═════ Supplied records
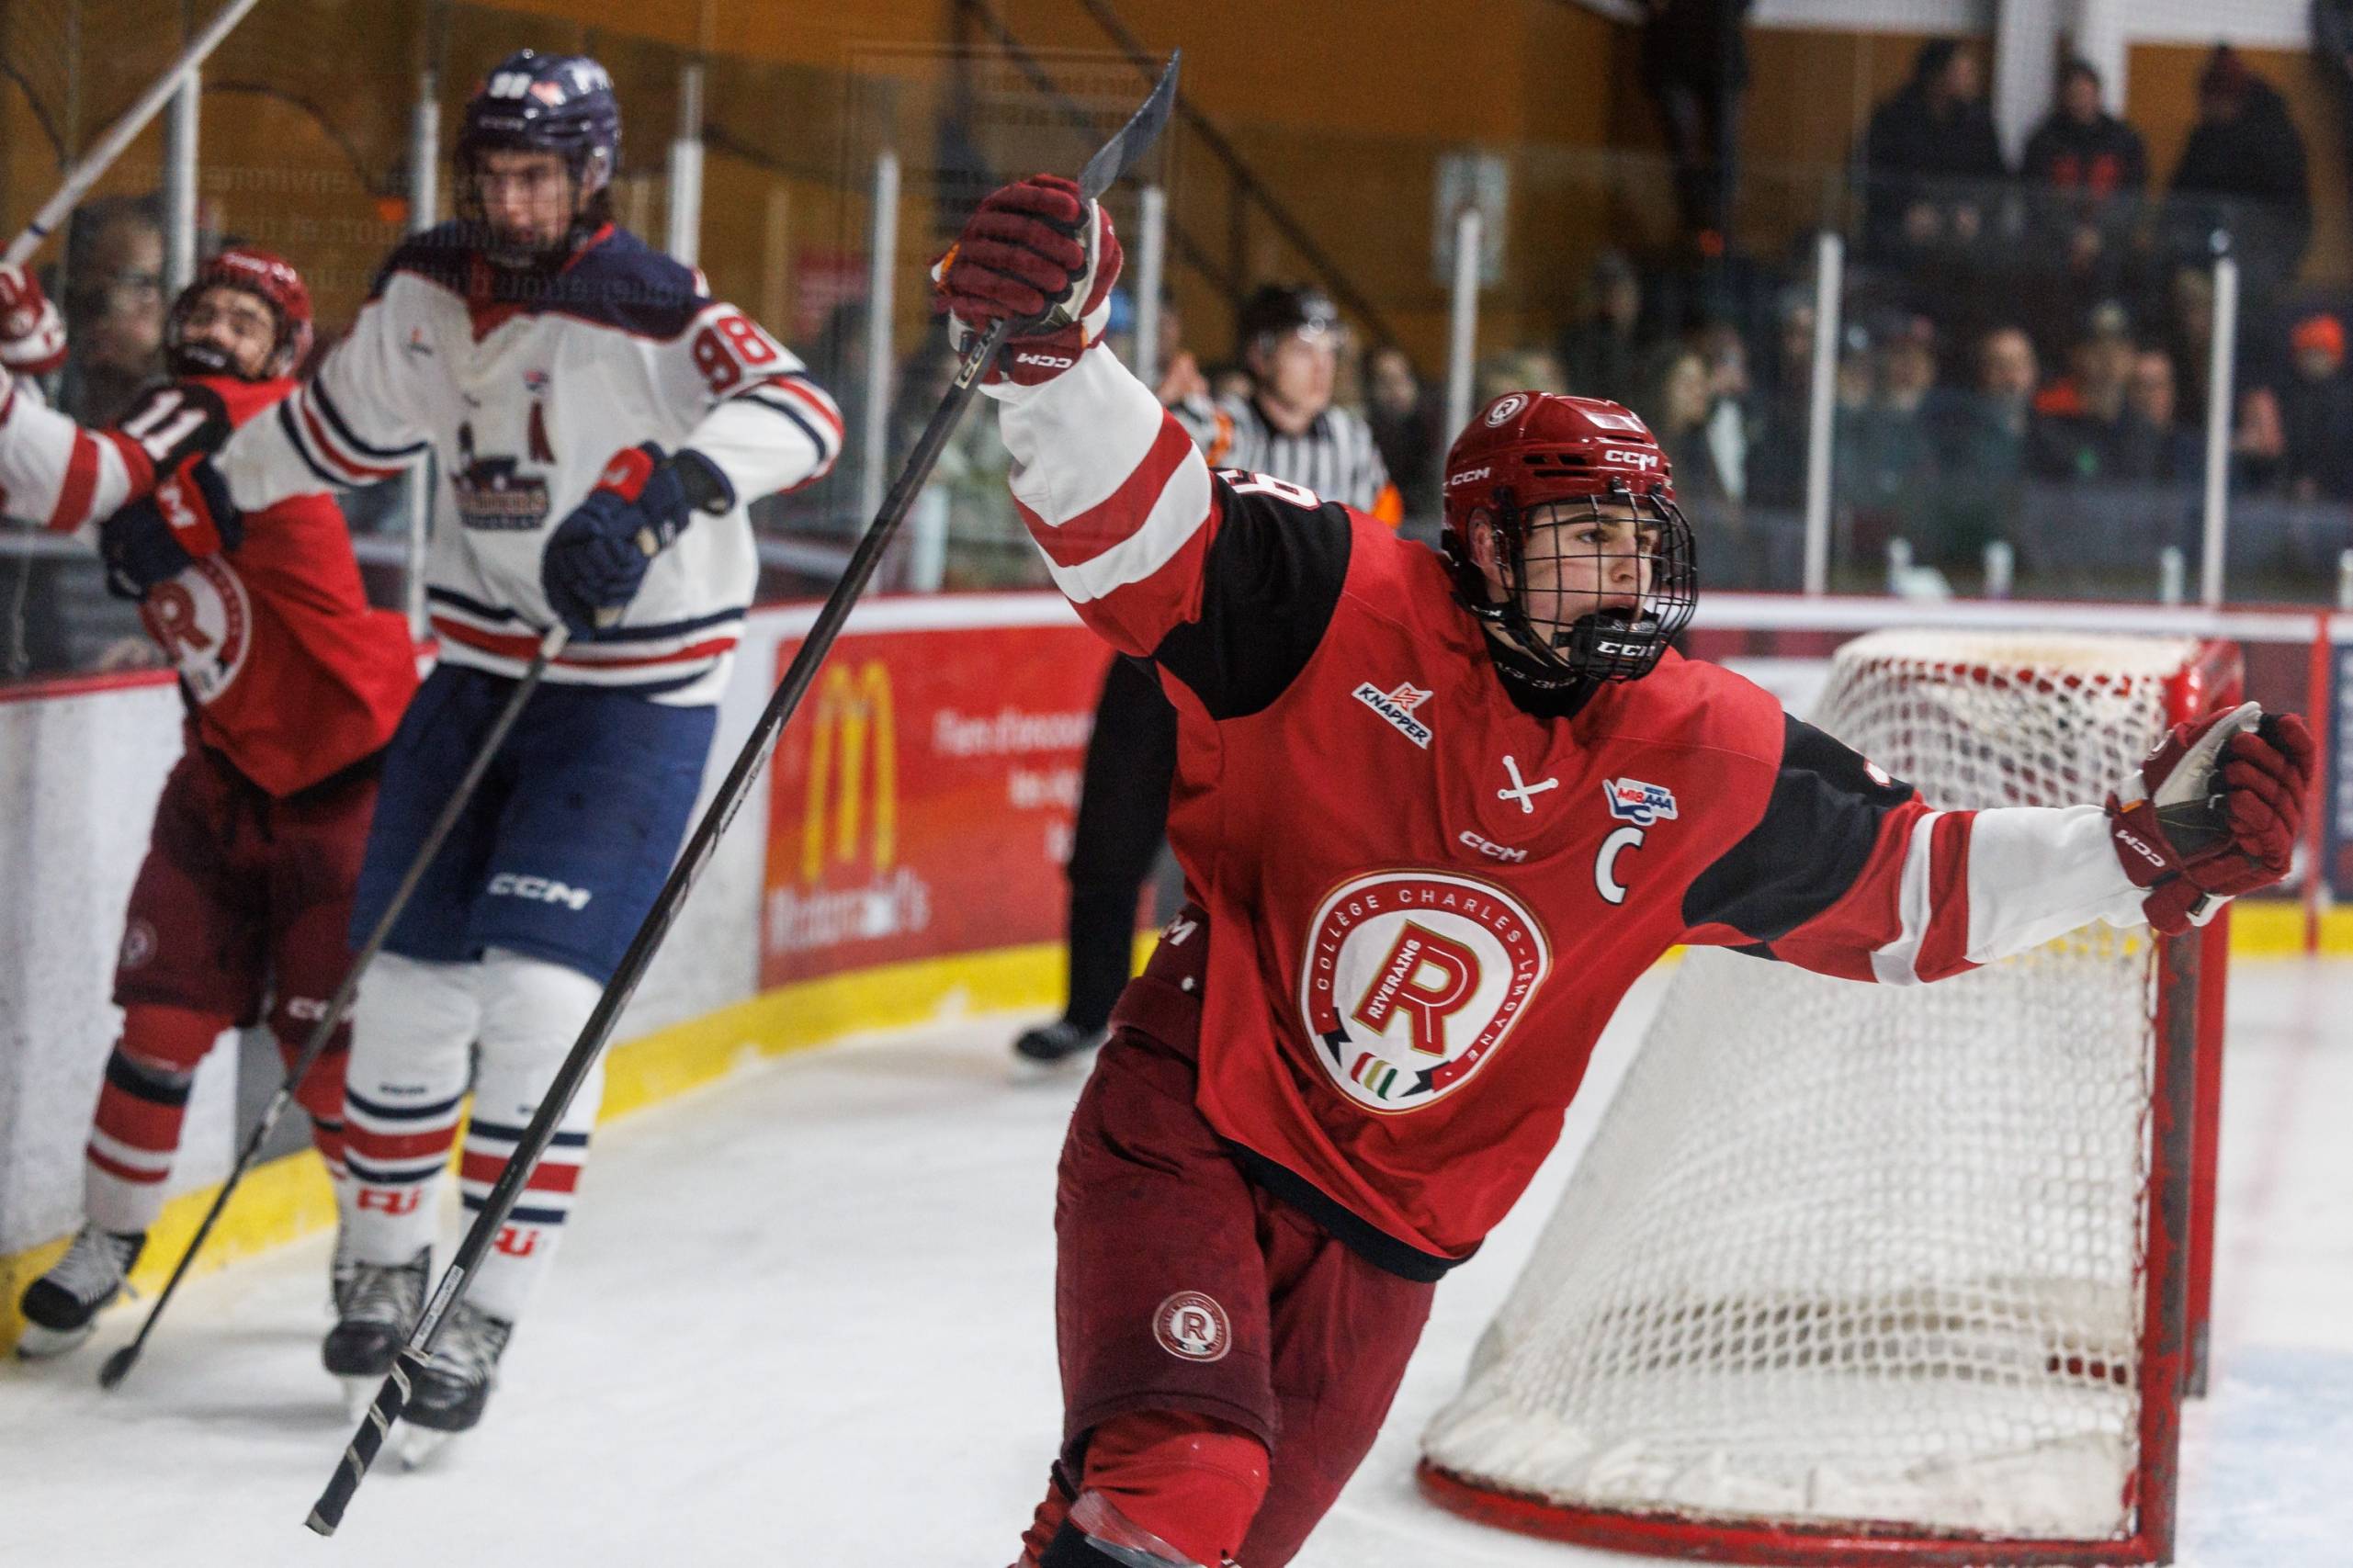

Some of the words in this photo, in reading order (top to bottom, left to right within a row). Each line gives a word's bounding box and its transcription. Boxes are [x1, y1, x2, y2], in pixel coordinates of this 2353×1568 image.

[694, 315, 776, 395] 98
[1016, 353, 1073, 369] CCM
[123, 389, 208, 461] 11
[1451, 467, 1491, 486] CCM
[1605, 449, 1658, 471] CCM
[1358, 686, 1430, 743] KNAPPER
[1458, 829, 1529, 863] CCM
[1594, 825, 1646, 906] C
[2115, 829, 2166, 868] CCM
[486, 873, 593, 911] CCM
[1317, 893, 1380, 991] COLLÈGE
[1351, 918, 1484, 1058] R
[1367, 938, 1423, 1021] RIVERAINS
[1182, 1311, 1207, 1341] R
══════════
_What the task requires_
Leave out the pictures and give the rest of the records again exactly.

_Finished exercise_
Some of the words in this photo, in reading order (top to bottom, left to right within a row). Each line gives a word's bounding box and its transcription. Boxes are [x1, y1, x2, y2], in pixel coordinates of this 2353×1568 image.

[694, 315, 776, 395] 98
[1016, 353, 1073, 369] CCM
[123, 389, 208, 461] 11
[1451, 467, 1491, 486] CCM
[1605, 449, 1658, 471] CCM
[1358, 686, 1430, 743] KNAPPER
[1458, 829, 1529, 863] CCM
[1594, 825, 1646, 906] C
[2115, 829, 2166, 868] CCM
[486, 873, 593, 911] CCM
[1317, 893, 1380, 991] COLLÈGE
[1351, 918, 1484, 1058] R
[1367, 938, 1423, 1021] RIVERAINS
[1182, 1311, 1207, 1341] R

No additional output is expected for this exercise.